My colleagues at J-PAL and I collaborated with the NGO Seva Mandir to test whether small non-monetary incentives at convenient and reliable mobile clinics could improve immunization coverage in rural Rajasthan. Decades after a policy of free immunization at government clinics was implemented, only 6 percent of children were fully immunized.

Giving parents a bag of lentils for each shot and plate set when the course was complete, brought the full immunization rate to 39 percent, a six-fold increase. Excited as we were by our results, we were surprised by reactions from some policymakers when we suggested using incentives as a way to increase immunization.

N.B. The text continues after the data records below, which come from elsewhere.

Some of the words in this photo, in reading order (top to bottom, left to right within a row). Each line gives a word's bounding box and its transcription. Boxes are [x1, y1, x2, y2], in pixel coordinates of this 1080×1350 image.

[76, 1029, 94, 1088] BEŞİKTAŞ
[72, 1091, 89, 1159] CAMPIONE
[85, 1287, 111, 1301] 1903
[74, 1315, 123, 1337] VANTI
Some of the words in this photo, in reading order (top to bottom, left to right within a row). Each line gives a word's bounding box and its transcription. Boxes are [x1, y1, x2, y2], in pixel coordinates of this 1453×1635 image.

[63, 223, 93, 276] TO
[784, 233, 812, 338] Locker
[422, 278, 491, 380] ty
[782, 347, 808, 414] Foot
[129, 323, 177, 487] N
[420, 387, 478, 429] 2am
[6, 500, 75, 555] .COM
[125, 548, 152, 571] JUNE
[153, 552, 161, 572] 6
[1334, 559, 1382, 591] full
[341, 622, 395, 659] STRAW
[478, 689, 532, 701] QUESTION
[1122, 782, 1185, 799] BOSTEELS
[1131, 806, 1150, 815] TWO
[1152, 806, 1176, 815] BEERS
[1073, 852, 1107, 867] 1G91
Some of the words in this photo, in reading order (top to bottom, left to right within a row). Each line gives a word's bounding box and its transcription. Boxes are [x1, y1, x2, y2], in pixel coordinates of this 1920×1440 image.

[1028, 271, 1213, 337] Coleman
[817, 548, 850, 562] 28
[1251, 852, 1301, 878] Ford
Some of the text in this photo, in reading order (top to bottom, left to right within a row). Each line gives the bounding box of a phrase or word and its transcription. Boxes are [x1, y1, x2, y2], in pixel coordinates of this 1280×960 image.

Across the political spectrum, there is a mistrust of giveaways, and even more of incentives: “You mustn’t bribe people to do the right thing.” The right calls it wasteful, the left calls it degrading. They would rather just convince the poor of the benefits of immunization.

But to me, that is putting ideology above saving children’s lives. If I needed a nudge to get my son immunized, why is it wrong to provide a small incentive to those parents who carry their children, sometimes for miles, to immunization camps? Incentives for immunization in areas where immunization rates are low is just one of the simple, effective, rigorously evaluated solutions to poverty that are within our grasp.

Rachel Glennerster is Executive Director of the Abdul Latif Jameel Poverty Action Lab (J-PAL). Find out more about this research in the J-PAL Policy Briefcase “Incentives for Immunization.”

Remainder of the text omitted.